The Truth About Fruit and Vegetables
Conventional Wisdom says that we need to eat lots of fruit and vegetables to be healthy. But as with so much of CW, this is a myth. The truth is that fruit and vegetables are just not very nutrient-dense, especially when compared to animal products like meat and eggs. Nutritionist and obesity researcher Zoe Harcombe explains:
The facts are these. There are 13 vitamins and fruit is good for one of them, vitamin C.
Vegetables offer some vitamins - vitamin C and the vegetable form of the fat-soluble vitamins A and vitamin K1 - but your body will be able to absorb these only if you add some fat, such as butter or olive oil.
The useful forms of A and K - retinol and K2 respectively - are found only in animal foods. As for minerals, there are 16 and fruit is good for one of them, potassium, which is not a substance we are often short of, as it is found in water.
Vegetables can be OK for iron and calcium but the vitamins and minerals in animal foods (meat, fish, eggs and dairy products) beat those in fruit and vegetables hands down. There is far more vitamin A in liver than in an apple, for instance.
Are fruit and vegetables good for you? Sure. But let’s be honest about the nutrients they’re actually providing.
Vegetables can be pretty tasty, so if you like them, by all means, eat them. But if you think they’re doing wonders for your health, you’re kidding yourself. That’s only true if the alternative is something almost totally devoid of nutrients like wheat products (bread, cereal, pasta, etc) or the boxed processed crap that lines so many supermarket aisles (which is also mostly wheat products).
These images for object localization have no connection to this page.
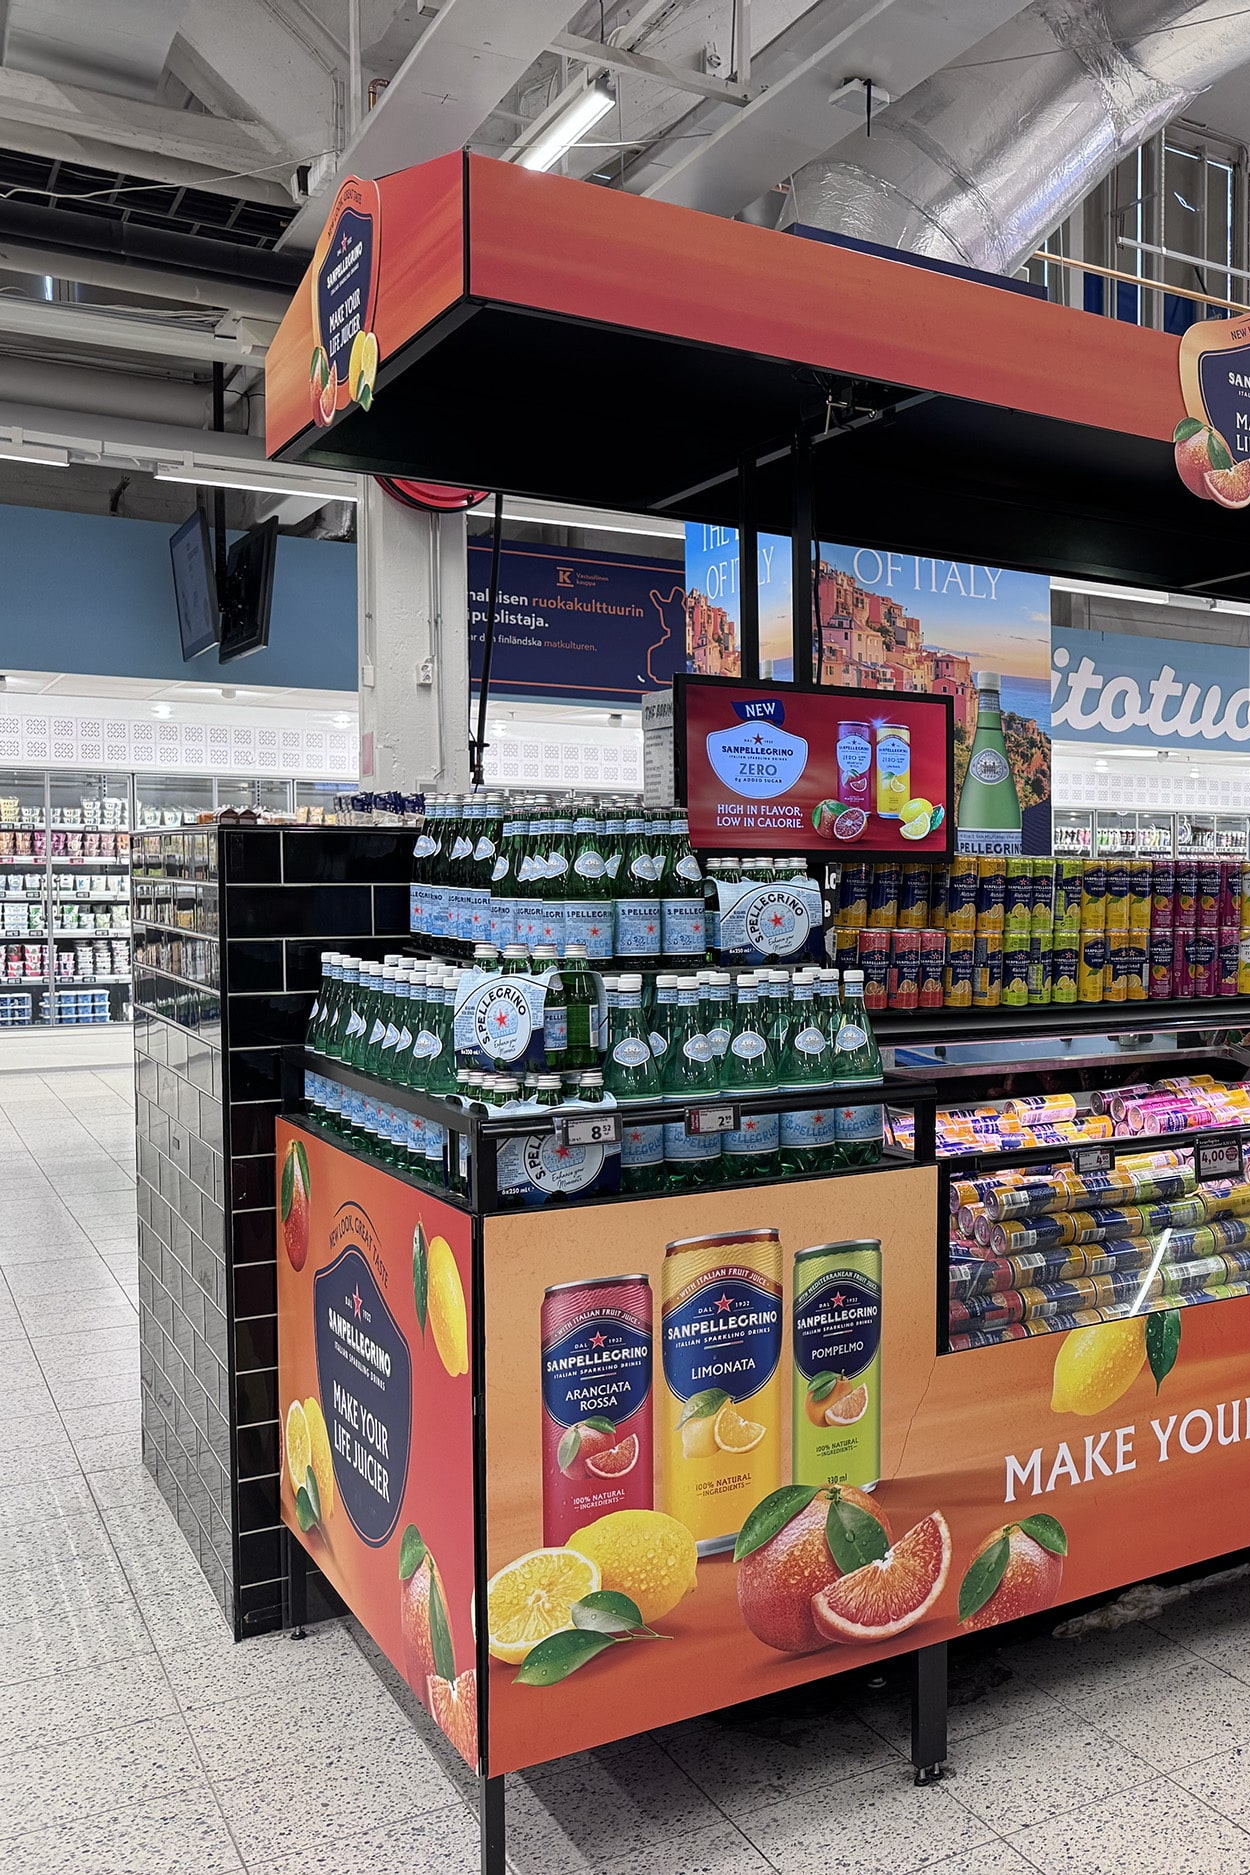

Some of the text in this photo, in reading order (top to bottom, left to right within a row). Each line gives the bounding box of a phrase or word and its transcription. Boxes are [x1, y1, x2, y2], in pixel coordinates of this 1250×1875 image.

[329, 288, 361, 333] MAKE YOUR
[1230, 329, 1247, 341] NEW
[329, 335, 340, 358] LIFE
[706, 562, 727, 600] OF
[853, 549, 1002, 600] OF ITALY
[532, 595, 644, 617] ruokakulttuurin
[498, 634, 542, 647] finländska
[544, 640, 597, 651] matkulturen.
[745, 702, 775, 717] NEW
[722, 745, 794, 756] SANPELLEGRINO
[740, 763, 777, 776] ZERO
[717, 804, 803, 817] HIGH IN FLAVOR,
[716, 816, 804, 828] LOW IN CALORIE.
[749, 893, 804, 944] S.PELLEGRINO
[477, 988, 527, 1045] S.PELLEGRINO
[718, 1116, 725, 1126] 2
[591, 1126, 602, 1140] 8
[1201, 1149, 1224, 1164] 4,00
[354, 1216, 373, 1251] GREAT
[372, 1244, 389, 1289] TASTE
[679, 1267, 767, 1300] WITH ITALIAN FRUIT JUICE
[808, 1271, 853, 1293] MEDITERRANEAN
[853, 1273, 867, 1284] FRUIT
[698, 1300, 750, 1314] DAL 1932
[557, 1308, 638, 1336] WITH ITALIAN FRUIT JUICE
[668, 1310, 778, 1339] SANPELLEGRINO
[797, 1305, 878, 1330] SANPELLEGRINO
[675, 1327, 771, 1348] ITALIAN SPARKLING DRINKS
[802, 1328, 821, 1336] ITALIAN
[823, 1322, 854, 1333] SPARKLING
[328, 1307, 392, 1378] SANPELLEGRINO
[608, 1336, 623, 1344] 1932
[547, 1346, 648, 1373] SANPELLEGRINO
[811, 1341, 864, 1360] POMPELMO
[554, 1360, 642, 1380] ITALIAN SPARKLING DRINKS
[691, 1358, 756, 1380] LIMONATA
[566, 1381, 632, 1401] ARANCIATA
[580, 1396, 618, 1411] ROSSA
[333, 1380, 390, 1461] MAKE YOUR
[815, 1437, 858, 1453] 100% NATURAL
[333, 1418, 390, 1503] LIFE JUICIER
[1004, 1424, 1138, 1503] MAKE
[695, 1472, 751, 1491] 100% NATURAL
[839, 1473, 848, 1483] ml
[573, 1488, 625, 1505] 100% NATURAL
[702, 1482, 745, 1497] INGREDIENTS
[580, 1497, 620, 1510] INGREDIENTS
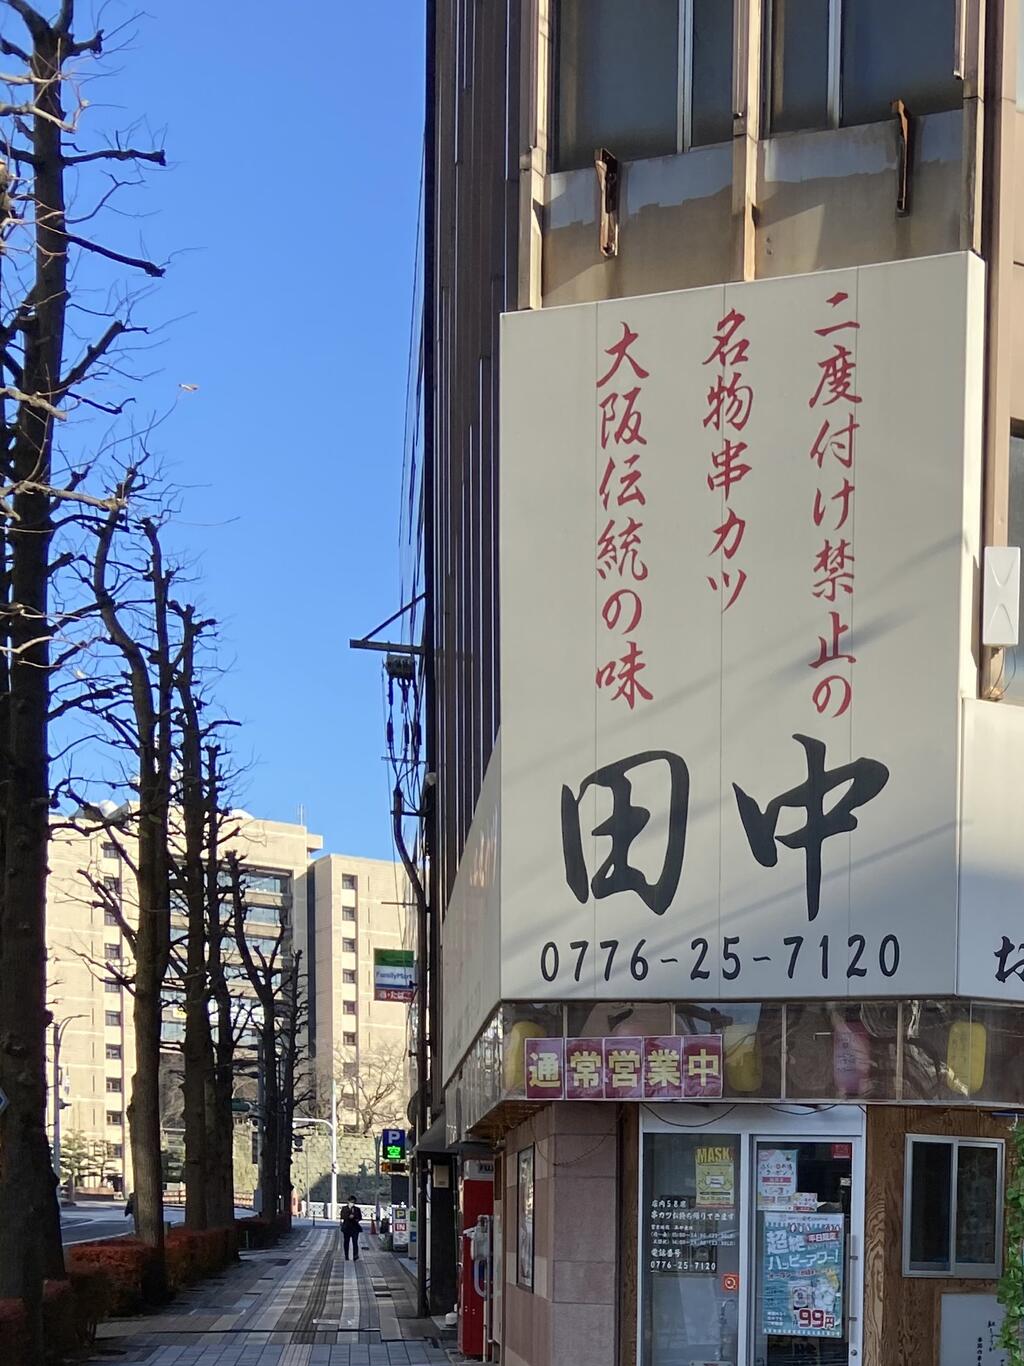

Fruit is definitely tasty, because it’s full of sugar. Eat it in moderation, but realize that it’s essentially candy. What’s worse is that the sugar in fruit is fructose -- the same stuff in the dreaded high-fructose corn syrup -- which, unlike glucose, is sent directly to your liver and converted to fat. There is a reason that fruit is seasonal: before our modern times of food abundance, refrigeration, and long-distance shipping, people would load up on fruit when it ripened in the late summer/early fall, in order to pack on some body fat to survive the winter. Eating lots of fruit year-round is not a great idea unless you too want to pack on the body fat.
No, fruit and vegetables are far from the most nutritious foods available. The most nutrient-dense foods are animal products, especially egg yolks and liver. Liver is nature’s multivitamin; it is literally the most nutritious thing you can eat. And egg yolk is so full of vitamins and minerals that simply eating more egg yolk would resolve Americans’ most common nutrient deficiencies.
It’s easy to verify which foods are the most nutritious: just look at the numbers. Compare fruit to liver, or bread and salmon. Or look at oysters. The animal products are more nutrient-dense in most cases, and in many cases (e.g. liver) they blow the plant foods out of the water completely.